Exploradores de resina querem reativar setor

PROENÇA-A-NOVA: AJUDAR NA DEFESA DAS FLORESTAS

Recolha de resina

A Associação de Destiladores e Exploradores de Resina (Resipinus) defendeu hoje a reativação do setor da resinagem e disse já ter apresentado um programa de ação que quer ver integrado no Plano de Desenvolvimento Regional (PDR) 2014-2020.´

O programa foi enviado ao secretário de Estado das Florestas e Desenvolvimento Rural em março e, até hoje, não teve qualquer resposta. O objetivo é reativar uma produção que tem escoamento garantido e que presta um serviço público de enorme importância na defesa contra os incêndios“, disse à agência Lusa Pedro Cortes.

O responsável da Resipinus falava à margem de um encontro que decorreu em Proença-a-Nova e que juntou representantes da indústria, produtores florestais, autarquias, Autoridade Nacional de Proteção Civil e comunidades intermunicipais.

A reunião do grupo de trabalho teve como objetivo discutir o plano desenvolvido pela Resipinus e solicitar o apoio dos intervenientes no sentido de se fazer um pedido de audiência à ministra da Agricultura e do Mar.

Antigo resineiro

A ideia é saber o que se passou com a proposta da Resipinus, entregue em março ao secretário de Estado das Florestas e do Desenvolvimento Rural, e tentar ainda incluí-la no PDR para 2014-2020.

O dossiê do PDR está a ser agora fechado. Esta versão que já foi para Bruxelas não integra o plano que apresentámos à tutela. Contudo, ainda há um período até ao documento final“, referiu Pedro Cortes.

A ideia é, a partir daqui, os municípios, através da Associação Nacional dos Municípios Portugueses (ANMP), chamarem a atenção da ministra para o projeto e para a sua inclusão no PDR“, adiantou.

O responsável da Resipinus explicou que a resinagem permite uma presença humana na floresta que mais nenhuma produção rural tem em termos de intensidade, cerca de 80 horas por hectare/ano nas áreas florestais.
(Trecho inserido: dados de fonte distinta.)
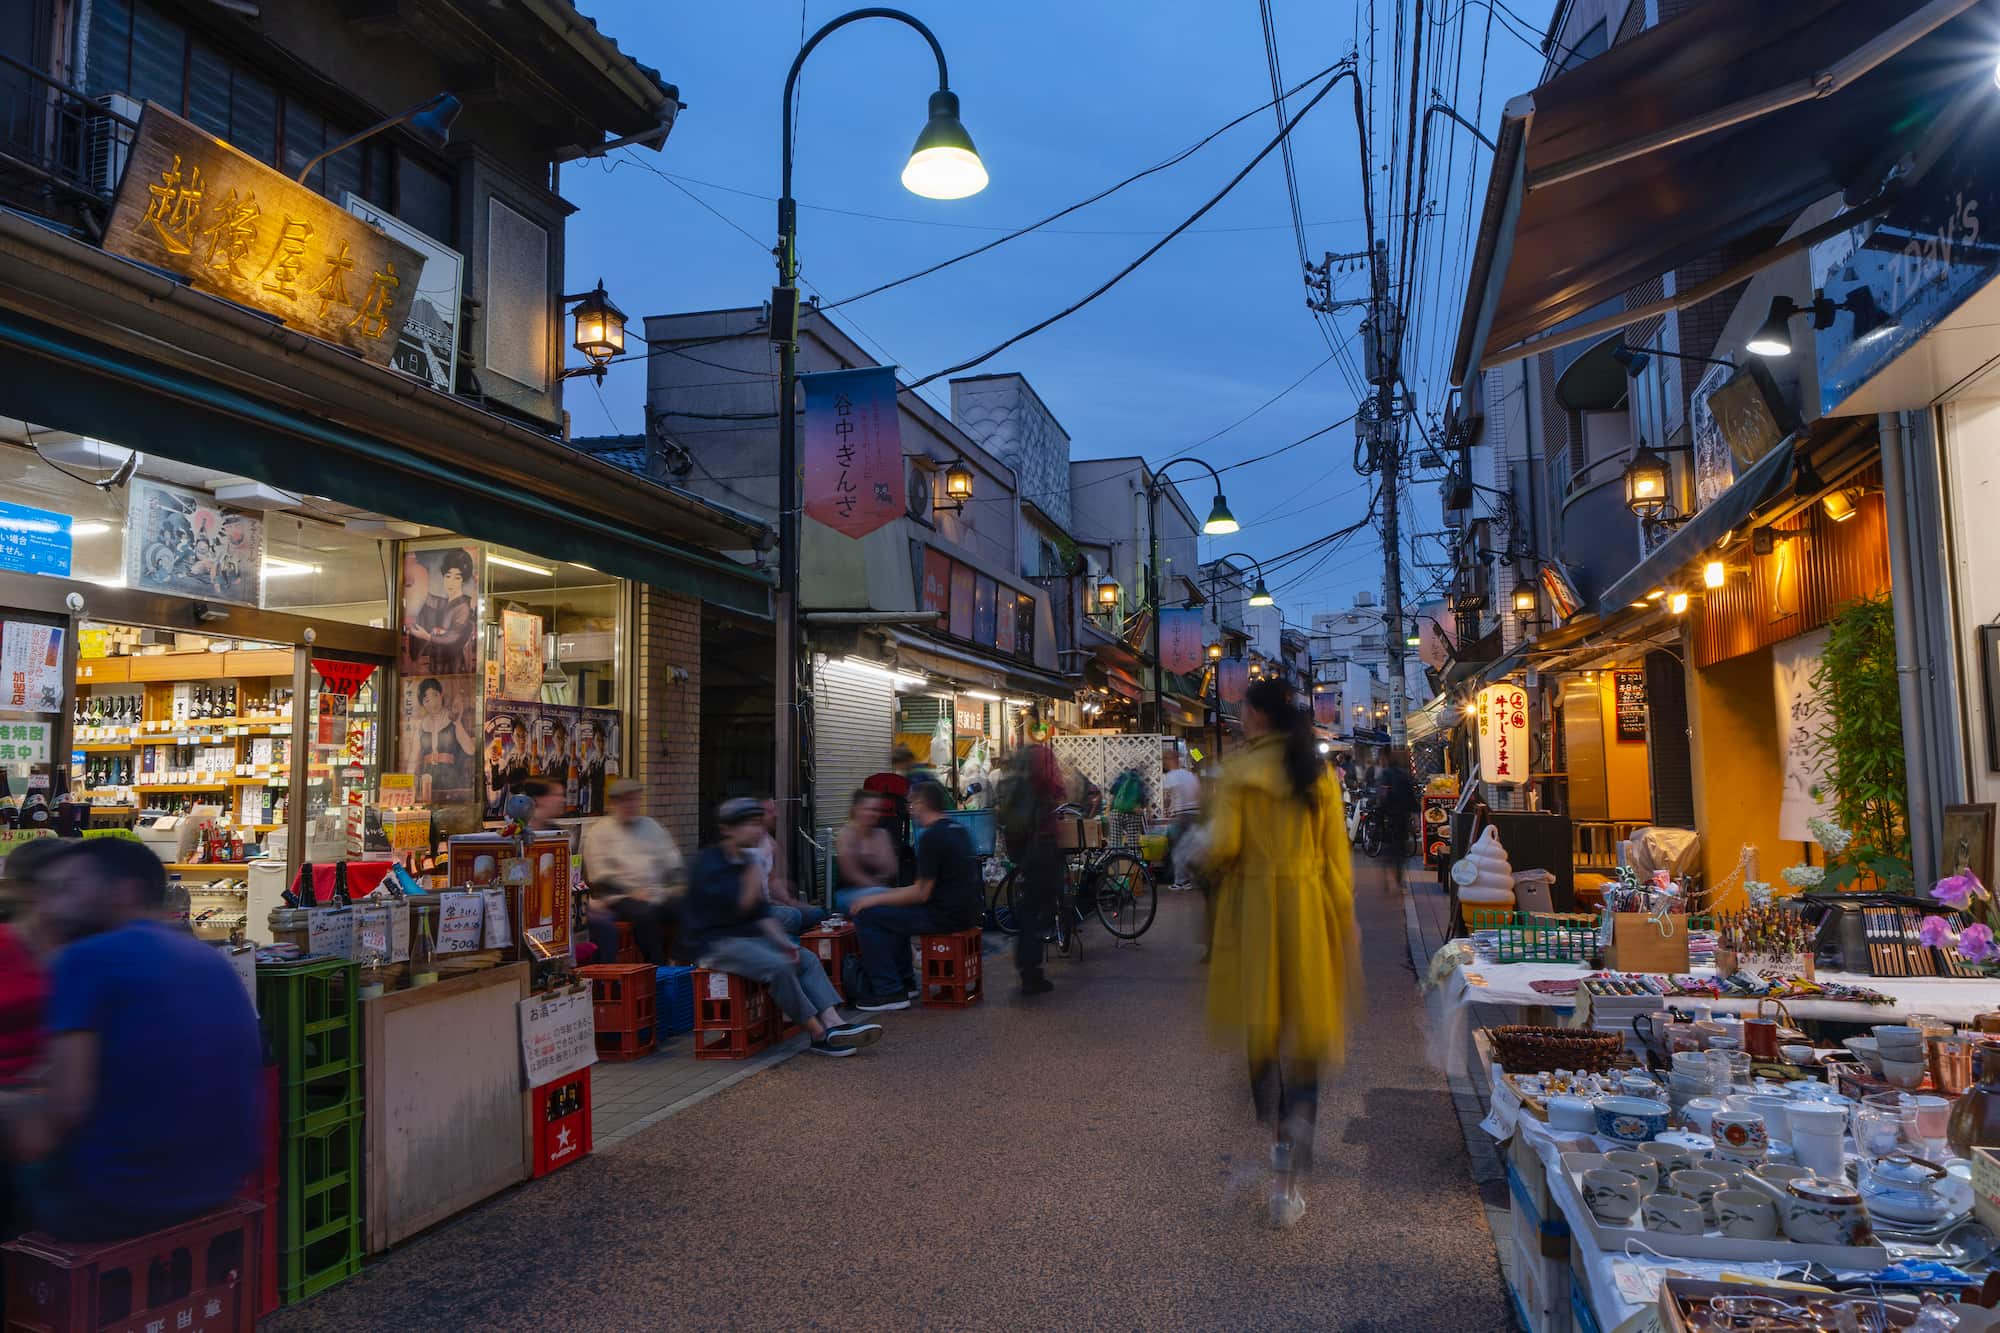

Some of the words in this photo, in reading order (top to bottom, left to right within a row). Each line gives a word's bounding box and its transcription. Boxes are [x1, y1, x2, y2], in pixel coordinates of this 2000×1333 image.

[133, 154, 400, 340] 越後屋本店
[832, 392, 857, 518] 谷中ぎんざ
[11, 671, 25, 706] 加盟店
[319, 676, 369, 699] DRY
[328, 662, 361, 673] SUPER
[1494, 694, 1511, 776] 牛すじうま煮
[1511, 693, 1525, 727] 名物
[346, 790, 363, 859] UPER
O projeto da Resipinus aponta para a criação, a nível nacional, de 200 núcleos de defesa contra incêndio por resinagem, o que, segundo Pedro Cortes, “corresponde a cerca de 300 mil hectares de área defendida e 20 mil hectares de área resinada apoiada“.

Por cada 100 hectares resinados, os resineiros comprometem-se a vigiar 1.500 hectares de floresta, onde esses 100 hectares estão incluídos“, referiu.

O projeto prevê ainda a integração nos planos municipais e inclui a criação de equipas com um mínimo de quatro resineiros que, além de explorarem uma área de 100 hectares, ficam comprometidos a vigiar 1.500 hectares de floresta.

Recolha de resina

Para a exploração da resina, tem que ser apresentado um projeto cuja iniciativa pode partir dos proprietários florestais ou dos resineiros, onde devem estar identificadas as parcelas a resinar.

A partir daí, há um pagamento de 150 euros/ano por hectare para o proprietário florestal e 45 mil euros/ano por hectare para a equipa de resineiros que terá de trabalhar todo o ano na floresta.